--- Aim of the exercise ---
The entries should be written out again exactly as they read.

--- Data for review ---
▽

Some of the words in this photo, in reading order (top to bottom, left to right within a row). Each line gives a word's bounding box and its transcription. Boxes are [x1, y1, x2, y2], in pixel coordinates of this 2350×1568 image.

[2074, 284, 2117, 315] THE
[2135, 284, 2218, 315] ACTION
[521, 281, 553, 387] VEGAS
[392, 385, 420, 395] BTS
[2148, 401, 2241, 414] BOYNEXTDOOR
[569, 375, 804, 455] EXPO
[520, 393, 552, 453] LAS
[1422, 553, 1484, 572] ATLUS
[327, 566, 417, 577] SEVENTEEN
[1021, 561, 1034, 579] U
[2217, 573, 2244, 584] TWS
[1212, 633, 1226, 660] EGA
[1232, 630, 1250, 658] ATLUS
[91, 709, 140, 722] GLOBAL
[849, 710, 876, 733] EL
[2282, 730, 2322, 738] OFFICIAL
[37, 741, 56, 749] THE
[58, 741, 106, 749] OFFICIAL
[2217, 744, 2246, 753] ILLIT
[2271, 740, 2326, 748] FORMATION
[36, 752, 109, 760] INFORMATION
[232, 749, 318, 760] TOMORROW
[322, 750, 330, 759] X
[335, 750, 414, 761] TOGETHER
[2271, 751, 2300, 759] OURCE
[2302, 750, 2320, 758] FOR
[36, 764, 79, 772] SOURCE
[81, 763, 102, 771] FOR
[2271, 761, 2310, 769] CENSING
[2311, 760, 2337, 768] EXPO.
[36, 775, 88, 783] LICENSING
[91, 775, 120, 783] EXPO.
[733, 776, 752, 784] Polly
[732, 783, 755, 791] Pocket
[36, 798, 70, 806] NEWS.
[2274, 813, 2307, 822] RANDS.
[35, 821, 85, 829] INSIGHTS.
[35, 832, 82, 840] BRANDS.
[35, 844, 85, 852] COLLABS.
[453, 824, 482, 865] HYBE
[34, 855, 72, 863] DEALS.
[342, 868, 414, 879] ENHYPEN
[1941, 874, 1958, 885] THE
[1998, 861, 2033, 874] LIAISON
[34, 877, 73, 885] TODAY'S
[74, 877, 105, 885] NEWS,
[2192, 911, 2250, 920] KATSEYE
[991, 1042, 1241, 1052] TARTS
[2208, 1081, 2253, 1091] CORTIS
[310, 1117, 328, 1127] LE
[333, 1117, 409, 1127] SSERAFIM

△

--- Finished exercise ---
Some of the words in this photo, in reading order (top to bottom, left to right within a row). Each line gives a word's bounding box and its transcription. Boxes are [x1, y1, x2, y2], in pixel coordinates of this 2350×1568 image.

[2074, 284, 2117, 315] THE
[2135, 284, 2218, 315] ACTION
[521, 281, 553, 387] VEGAS
[392, 385, 420, 395] BTS
[2148, 401, 2241, 414] BOYNEXTDOOR
[569, 375, 804, 455] EXPO
[520, 393, 552, 453] LAS
[1422, 553, 1484, 572] ATLUS
[327, 566, 417, 577] SEVENTEEN
[1021, 561, 1034, 579] U
[2217, 573, 2244, 584] TWS
[1212, 633, 1226, 660] EGA
[1232, 630, 1250, 658] ATLUS
[91, 709, 140, 722] GLOBAL
[849, 710, 876, 733] EL
[2282, 730, 2322, 738] OFFICIAL
[37, 741, 56, 749] THE
[58, 741, 106, 749] OFFICIAL
[2217, 744, 2246, 753] ILLIT
[2271, 740, 2326, 748] FORMATION
[36, 752, 109, 760] INFORMATION
[232, 749, 318, 760] TOMORROW
[322, 750, 330, 759] X
[335, 750, 414, 761] TOGETHER
[2271, 751, 2300, 759] OURCE
[2302, 750, 2320, 758] FOR
[36, 764, 79, 772] SOURCE
[81, 763, 102, 771] FOR
[2271, 761, 2310, 769] CENSING
[2311, 760, 2337, 768] EXPO.
[36, 775, 88, 783] LICENSING
[91, 775, 120, 783] EXPO.
[733, 776, 752, 784] Polly
[732, 783, 755, 791] Pocket
[36, 798, 70, 806] NEWS.
[2274, 813, 2307, 822] RANDS.
[35, 821, 85, 829] INSIGHTS.
[35, 832, 82, 840] BRANDS.
[35, 844, 85, 852] COLLABS.
[453, 824, 482, 865] HYBE
[34, 855, 72, 863] DEALS.
[342, 868, 414, 879] ENHYPEN
[1941, 874, 1958, 885] THE
[1998, 861, 2033, 874] LIAISON
[34, 877, 73, 885] TODAY'S
[74, 877, 105, 885] NEWS,
[2192, 911, 2250, 920] KATSEYE
[991, 1042, 1241, 1052] TARTS
[2208, 1081, 2253, 1091] CORTIS
[310, 1117, 328, 1127] LE
[333, 1117, 409, 1127] SSERAFIM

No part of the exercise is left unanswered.